That is, the result is of the form: f(k1, v1, ...f(kn-1, vn-1, f(kn, vn, s))).

def foldWithKey(f: b -> (k -> (v -> b \ ef)), s: b, m: Map[k, v]): b \ ef Source

Alias for foldLeftWithKey.

@ParallelWhenPure
def forAll(f: k -> (v -> Bool \ ef), m: Map[k, v]): Bool \ ef Source

Returns true if and only if all mappings in m satisfy the predicate f.

Returns true if m is the empty map.

Purity reflective: Runs in parallel when given a pure function f.

def forEach(f: k -> (v -> Unit \ ef), m: Map[k, v]): Unit \ ef Source

Applies f to every (key, value) of m.

def forEachWithIndex(f: Int32 -> (k -> (v -> Unit \ ef)), m: Map[k, v]): Unit \ ef Source

Applies f to tuple (index, key, value) formed of the keys and values of Map m and the index of the traversal.

def get(k: k, m: Map[k, v]): Option[v] with Order[k] Source

Returns Some(v) if k => v is in m.

Otherwise returns None.

def getWithDefault(k: k, d: v, m: Map[k, v]): v with Order[k] Source

Returns v if k => v is in m.

Otherwise, returns d.

def insert(k: k, v: v, m: Map[k, v]): Map[k, v] with Order[k] Source

Updates m with k => v.

def insertWith(f: v -> (v -> v \ ef), k: k, v: v, m: Map[k, v]): Map[k, v] \ ef with Order[k] Source

Updates m with k => f(v, v1) if k => v1 is in m.

Otherwise, updates m with k => v.

def insertWithKey(f: k -> (v -> (v -> v \ ef)), k: k, v: v, m: Map[k, v]): Map[k, v] \ ef with Order[k] Source

Updates m with k => f(k, v, v1) if k => v1 is in m.

Otherwise, updates m with k => v.

def intersection(m1: Map[k, v], m2: Map[k, v]): Map[k, v] with Order[k] Source

Returns the left-biased intersection of m1 and m2.

That is, key collisions are resolved by taking the mapping from m1.

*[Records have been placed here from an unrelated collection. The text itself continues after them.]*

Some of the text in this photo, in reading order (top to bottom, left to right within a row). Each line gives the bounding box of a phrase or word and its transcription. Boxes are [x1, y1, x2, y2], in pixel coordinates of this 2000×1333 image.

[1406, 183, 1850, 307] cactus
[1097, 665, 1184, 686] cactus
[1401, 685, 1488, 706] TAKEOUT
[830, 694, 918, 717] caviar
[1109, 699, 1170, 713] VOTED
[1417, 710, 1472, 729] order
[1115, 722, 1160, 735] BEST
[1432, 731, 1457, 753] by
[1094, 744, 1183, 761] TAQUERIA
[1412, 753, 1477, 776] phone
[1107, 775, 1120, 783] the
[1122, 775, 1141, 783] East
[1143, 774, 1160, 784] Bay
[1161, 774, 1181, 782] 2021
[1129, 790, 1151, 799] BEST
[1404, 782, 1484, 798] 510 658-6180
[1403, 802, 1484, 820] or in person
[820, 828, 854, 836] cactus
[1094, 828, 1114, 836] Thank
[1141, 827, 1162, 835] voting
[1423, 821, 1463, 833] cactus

def intersectionWith(f: v1 -> (v2 -> v3 \ ef), m1: Map[k, v1], m2: Map[k, v2]): Map[k, v3] \ ef with Order[k] Source

Returns the intersection of m1 and m2 where key collisions are resolved with the merge function f.

def intersectionWithKey(f: k -> (v1 -> (v2 -> v3 \ ef)), m1: Map[k, v1], m2: Map[k, v2]): Map[k, v3] \ ef with Order[k] Source

Returns the intersection of m1 and m2 where key collisions are resolved with the merge function f, taking both the key and values.

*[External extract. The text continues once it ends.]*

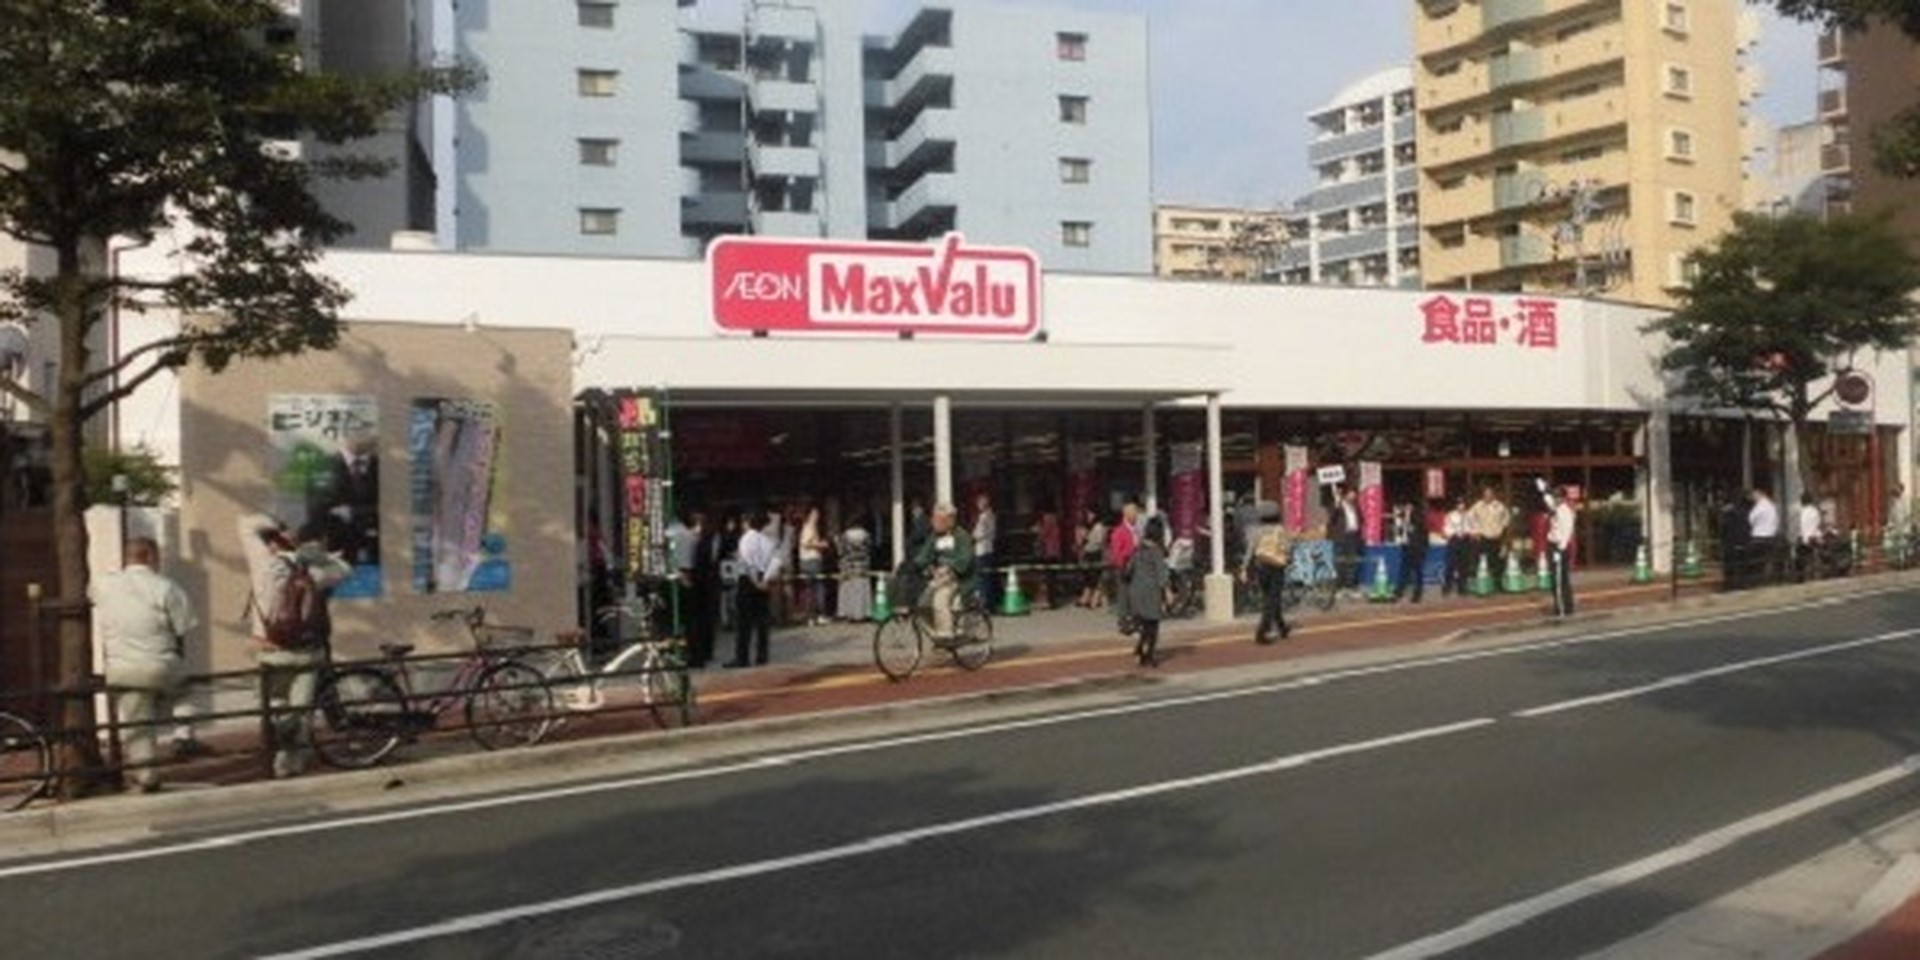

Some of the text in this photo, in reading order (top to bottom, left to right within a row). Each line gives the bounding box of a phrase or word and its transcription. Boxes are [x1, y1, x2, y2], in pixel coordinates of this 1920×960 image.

[820, 237, 1016, 317] MaxValu
[1420, 295, 1557, 347] 食品・酒

def invert(m: Map[k, v]): Map[v, Set[k]] with Order[k], Order[v] Source

Returns the inverse map of m.

That is, given a Map[k, v] returns a map Map[v, Set[k]] where every value is mapped to its key(s) in the original map.

def isEmpty(m: Map[k, v]): Bool Source

Returns true if and only if m is the empty map, i.e. Map(Nil).

def isProperSubmapOf(m1: Map[k, v], m2: Map[k, v]): Bool with Order[k], Eq[v] Source

Returns true if and only if all mappings in m1 occur in m2 and m1 != m2.

def isSubmapOf(m1: Map[k, v], m2: Map[k, v]): Bool with Order[k], Eq[v] Source

Returns true if and only if all mappings in m1 occur in m2.

def iterator(rc: Region[r], m: Map[k, v]): Iterator[(k, v), r, r] \ r Source

Returns an iterator over all key-value pairs in m.

def iteratorKeys(rc: Region[r], m: Map[k, v]): Iterator[k, r, r] \ r Source

Returns an iterator over keys in m.

def iteratorValues(rc: Region[r], m: Map[k, v]): Iterator[v, r, r] \ r Source

Returns an iterator over values in m.

def joinKeys(sep: String, m: Map[k, v]): String with ToString[k] Source

Returns the concatenation of the string representation of each key k in m with sep inserted between each element.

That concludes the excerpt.